地球の資源は有限です。
この有限な地球の上で、約80億人の人たちが生活しています。
このような状況のなかで、その有限な資源の少しでも公平な分配が要請されているにもかかわらず、全体の1%にも満たない人々が世界の総資産の37.8%も所有していたとしたら、どうでしょうか。
当然のことながら、さまざまなかたちでの政治的な運動や変化を誘発することになるでしょう。
要するに、抑圧された多くの人々が、自分たちに不利な体勢を覆そうとすることになります。
その最も卑近な例が、おそらくはここ数年来の南米諸国の左傾化、また、アメリカ国内の移民など、恵まれていない層からの民主党への支持によるアメリカの左傾化、などがあげられるように思われます。
アメリカの例は複雑なので、また別の機会にふれさせていただくとして、今回は富と権利の偏在がもたらした国や地域の左傾化として、南米の例を考察させていただきます。

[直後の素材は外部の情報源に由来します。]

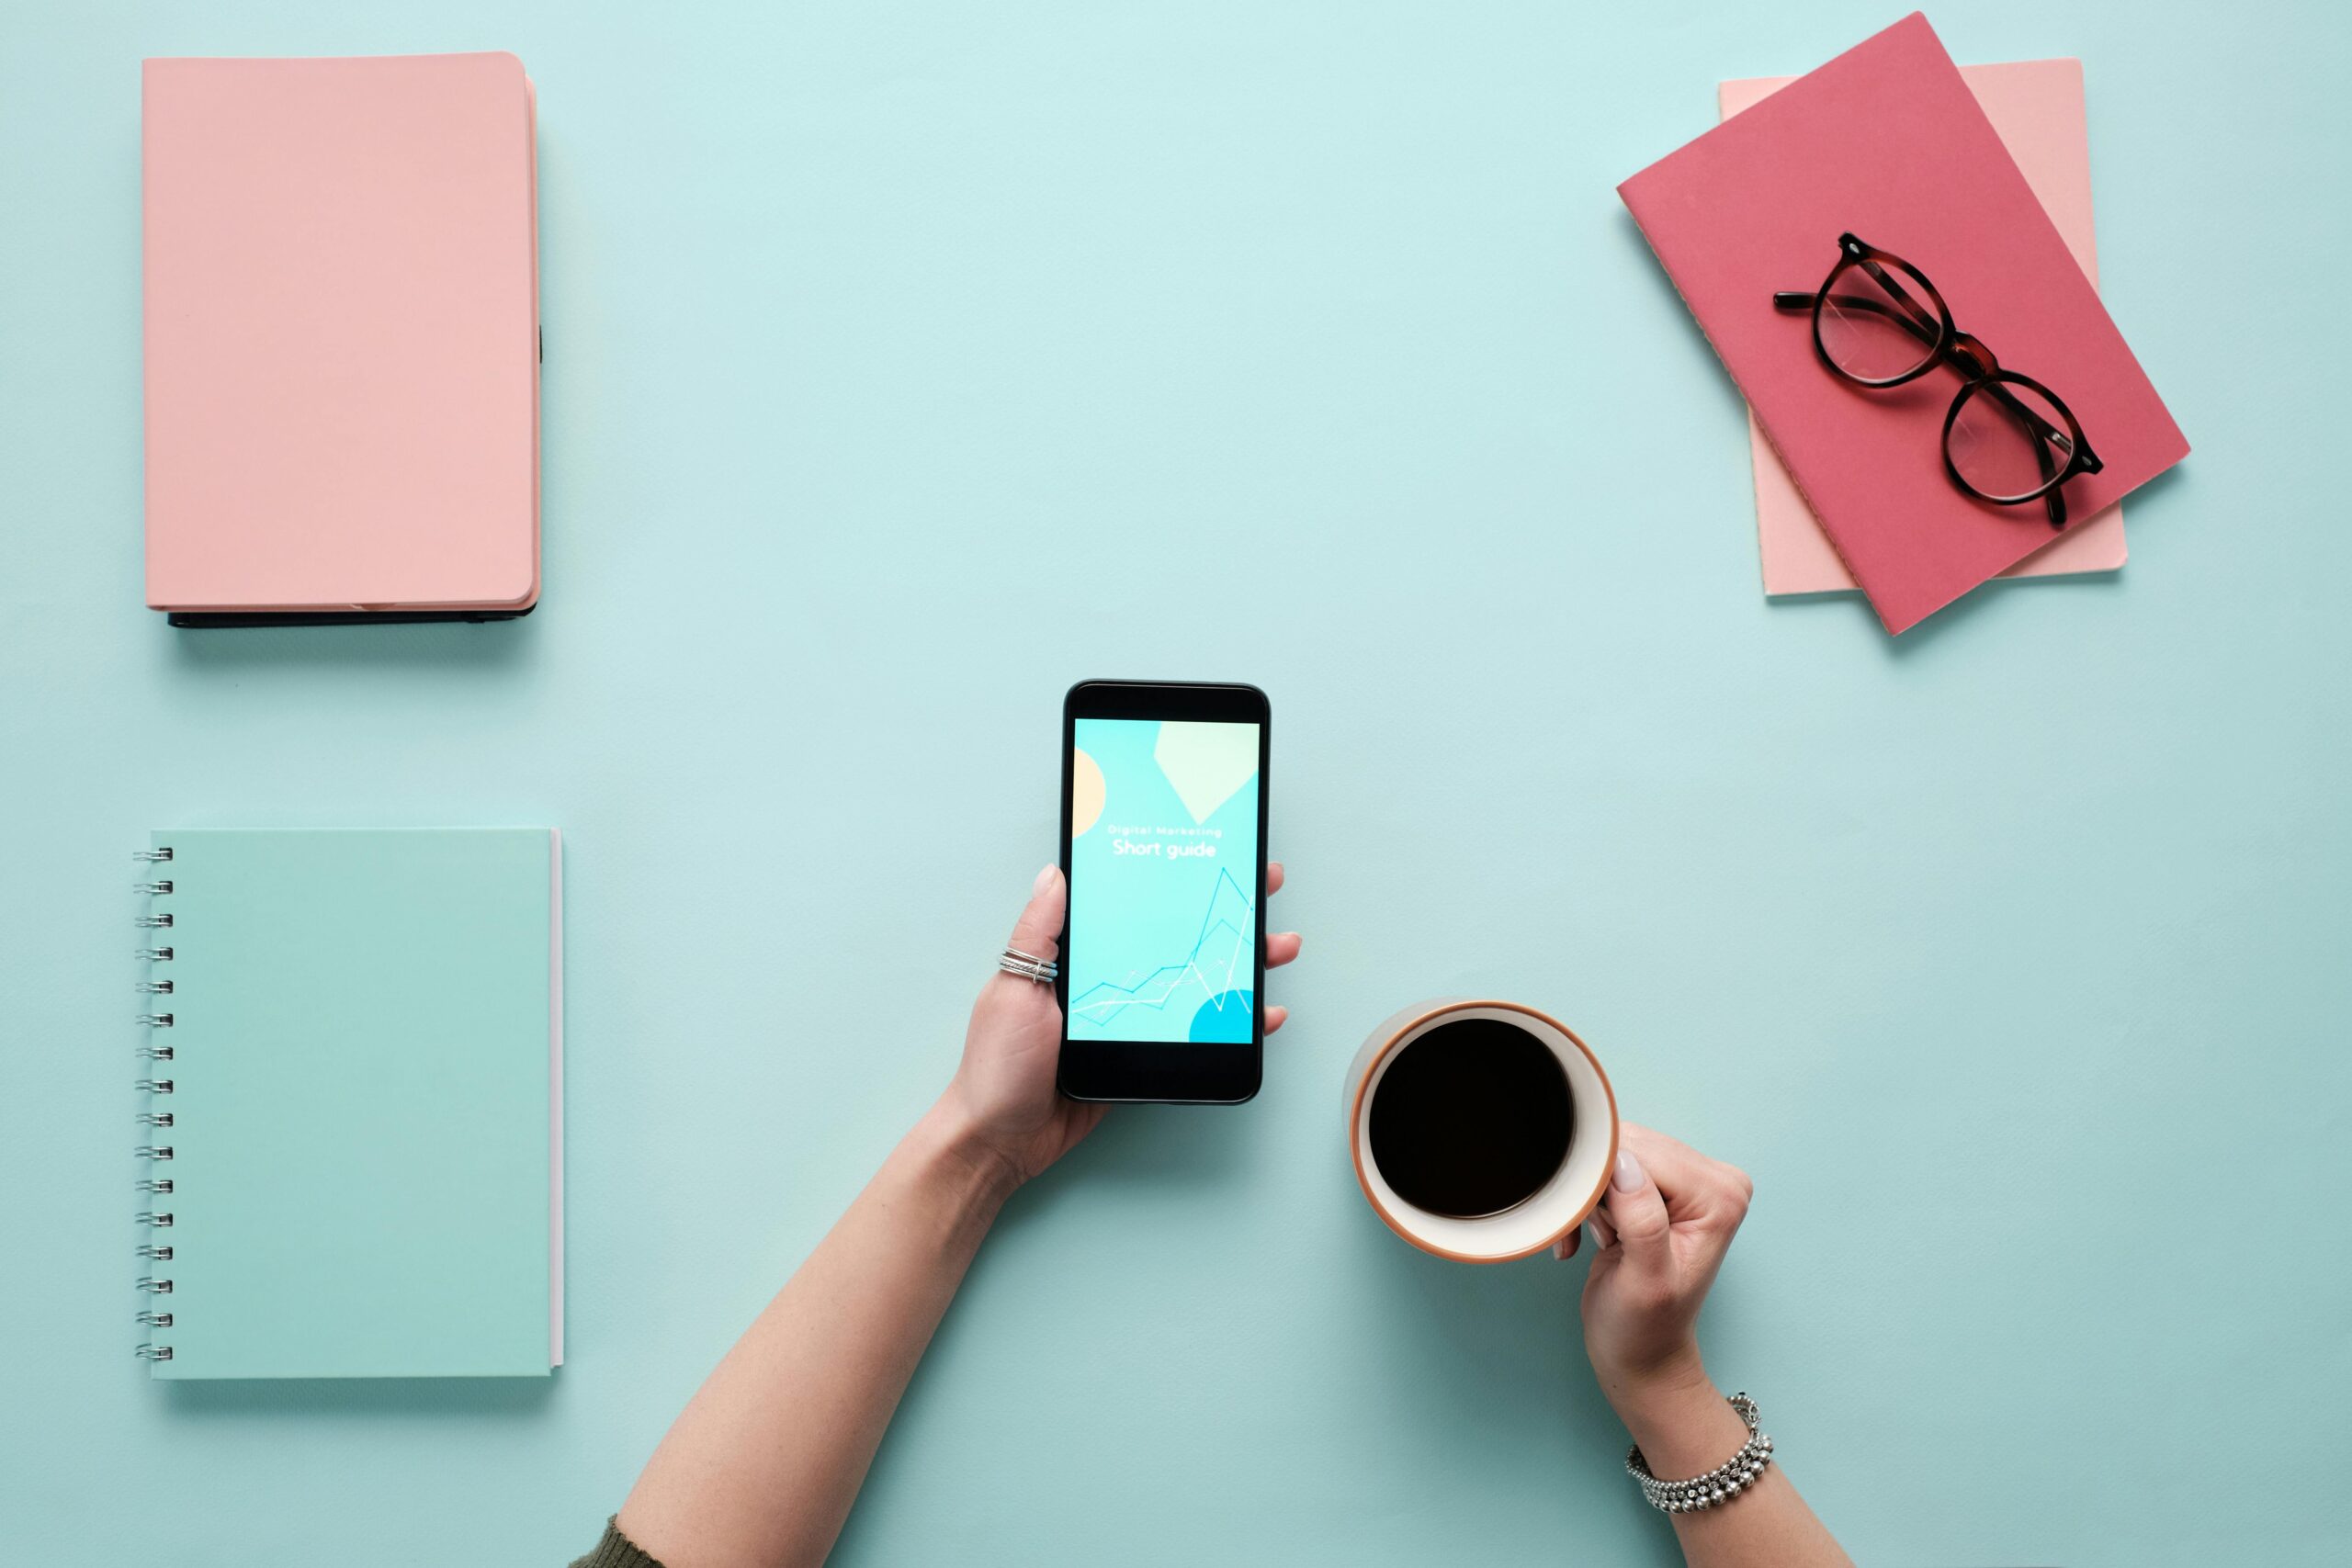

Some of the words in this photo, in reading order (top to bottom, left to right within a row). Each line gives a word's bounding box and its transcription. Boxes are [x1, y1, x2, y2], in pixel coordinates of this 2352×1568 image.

南米の左傾化の原因は多岐にわたりますが、主な要因として以下のような点が挙げられます。
1.歴史的背景 :
南米諸国は長い間、植民地支配、独立戦争、軍事独裁、外国の経済的・政治的干渉などの歴史的な要因により、社会的・経済的な不平等が存在しました。これらの問題は、左派政党が権力を求める動きを助長しました。
2.社会的不平等 :
資源の不均等な配分、収入格差、貧困層の増加などが南米諸国で顕著でした。これらの問題に対処するために、左派政党が社会的正義を訴え、再配分政策を提唱しました。
3.ポピュリズム :
南米ではポピュリズムがしばしば政治的な手法として用いられてきました。左派政党は、広範な支持層に訴えることで人気を集め、選挙で成功を収めることがあります。
4.外国の影響 :
冷戦時代においては、アメリカ合衆国とソビエト連邦が南米諸国の政治的・経済的な動向に影響を与えました。一部の国では、キューバ革命などの影響を受けて左派政治が台頭しました。
5.反グローバリゼーション運動 :
1990年代から2000年代初頭にかけて、南米では反グローバリゼーション運動が盛んになりました。これは市場主義や国際金融機関に対する批判を背景に、左派政党が台頭する要因となりました。
6.地域的な連携 :
南米諸国の間で、左派政権を支持する政治的・経済的な連携が強化されました。例として、ベネズエラのヒューゴ・チャベス政権は、同じく左派の政府を持つ国々と協力を深めました。
これらの要因が組み合わさり、南米諸国における左傾化の傾向が生まれました。ただし、南米諸国は個別に異なる政治・経済状況を抱えており、各国の具体的な状況によってその要因や結果は異なる場合があります。